ASSIGNMENT —
Write out each entry below exactly; the images do not belong in your copy.

Saved entries:
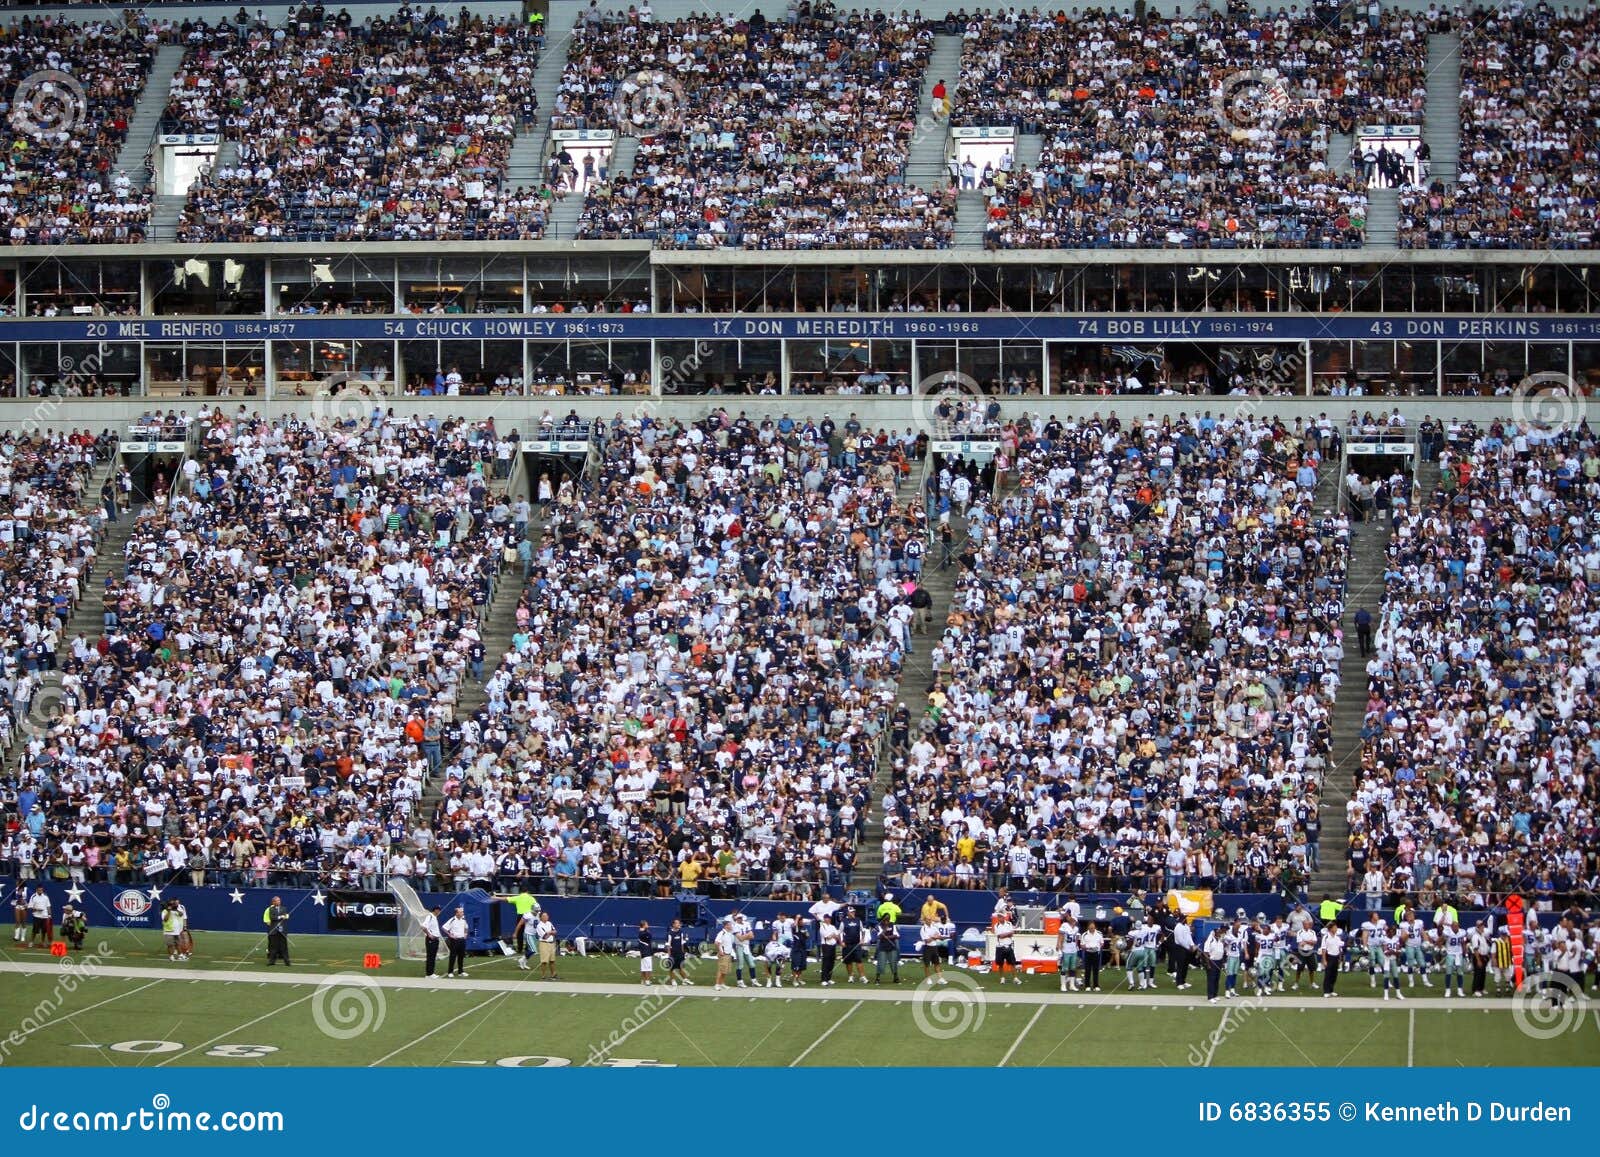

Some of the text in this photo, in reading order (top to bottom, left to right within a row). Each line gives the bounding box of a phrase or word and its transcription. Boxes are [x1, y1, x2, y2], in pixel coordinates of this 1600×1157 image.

[86, 322, 295, 337] 20 MEL RENFRO 1964-1977
[384, 321, 625, 336] 54 CHUCK HOWLEY 1961-1973
[712, 320, 979, 335] 17 DON MEREDITH 1960-1968
[1078, 320, 1274, 335] 74 BOB LILLY 1961-1974
[1370, 321, 1393, 335] 43
[1407, 320, 1444, 335] DON
[1458, 320, 1541, 335] PERKINS
[908, 545, 919, 554] 24
[1329, 605, 1339, 614] 24
[1042, 679, 1053, 688] 94
[1015, 852, 1027, 862] 82
[1253, 857, 1262, 867] 81
[504, 859, 516, 870] 31
[124, 896, 141, 910] NFL
[336, 904, 401, 915] NFL CBS
[1260, 939, 1273, 949] 23
[51, 943, 64, 957] 20
[365, 955, 378, 967] 30
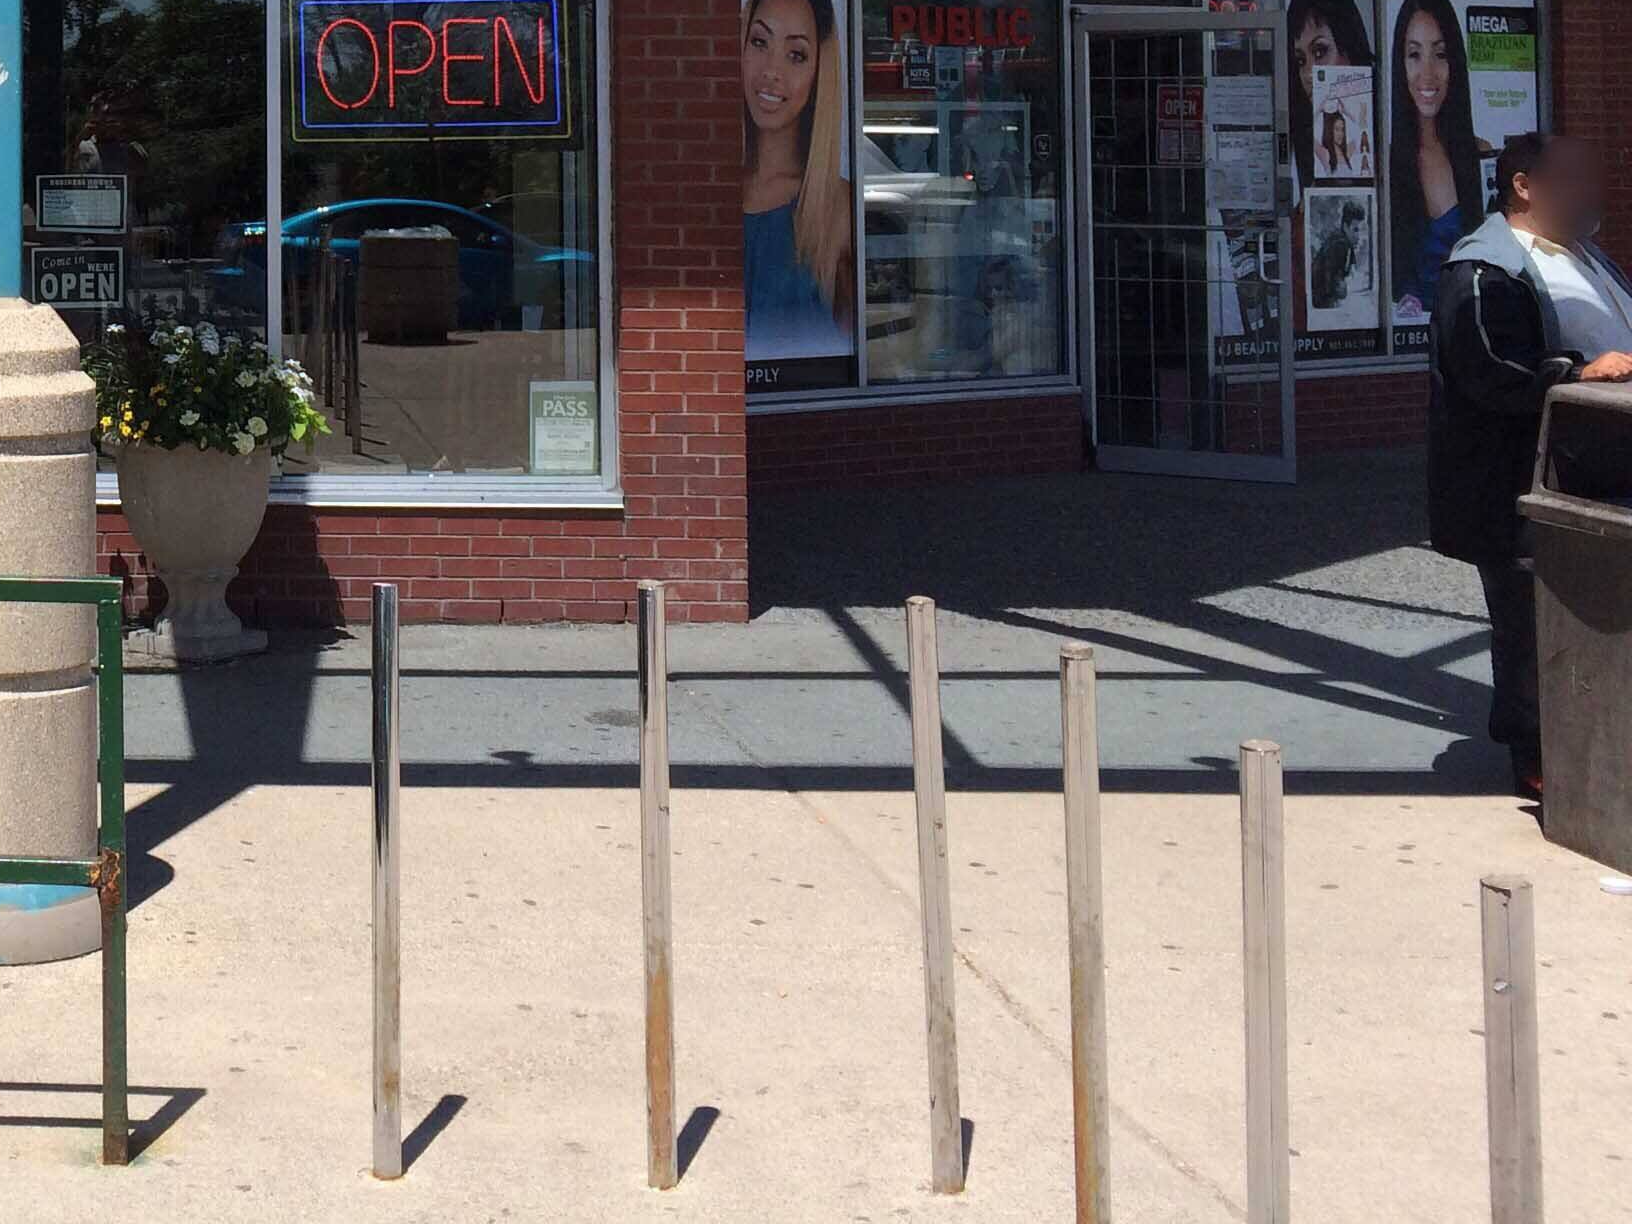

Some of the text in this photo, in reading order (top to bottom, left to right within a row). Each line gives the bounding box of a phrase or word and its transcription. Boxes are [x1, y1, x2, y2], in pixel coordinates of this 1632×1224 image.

COMPLETED TASK —
Some of the text in this photo, in reading order (top to bottom, left to right within a row). Each line gives the bounding box of a phrase or word and its transcription. Boxes are [x1, y1, x2, y2], in pixel coordinates of this 1600×1157 image.

[86, 322, 295, 337] 20 MEL RENFRO 1964-1977
[384, 321, 625, 336] 54 CHUCK HOWLEY 1961-1973
[712, 320, 979, 335] 17 DON MEREDITH 1960-1968
[1078, 320, 1274, 335] 74 BOB LILLY 1961-1974
[1370, 321, 1393, 335] 43
[1407, 320, 1444, 335] DON
[1458, 320, 1541, 335] PERKINS
[908, 545, 919, 554] 24
[1329, 605, 1339, 614] 24
[1042, 679, 1053, 688] 94
[1015, 852, 1027, 862] 82
[1253, 857, 1262, 867] 81
[504, 859, 516, 870] 31
[124, 896, 141, 910] NFL
[336, 904, 401, 915] NFL CBS
[1260, 939, 1273, 949] 23
[51, 943, 64, 957] 20
[365, 955, 378, 967] 30

Some of the text in this photo, in reading order (top to bottom, left to right within a row). Each line gives the bounding box of a phrase or word and its transcription. Boxes are [x1, y1, x2, y2], in pixel coordinates of this 1632×1224 image.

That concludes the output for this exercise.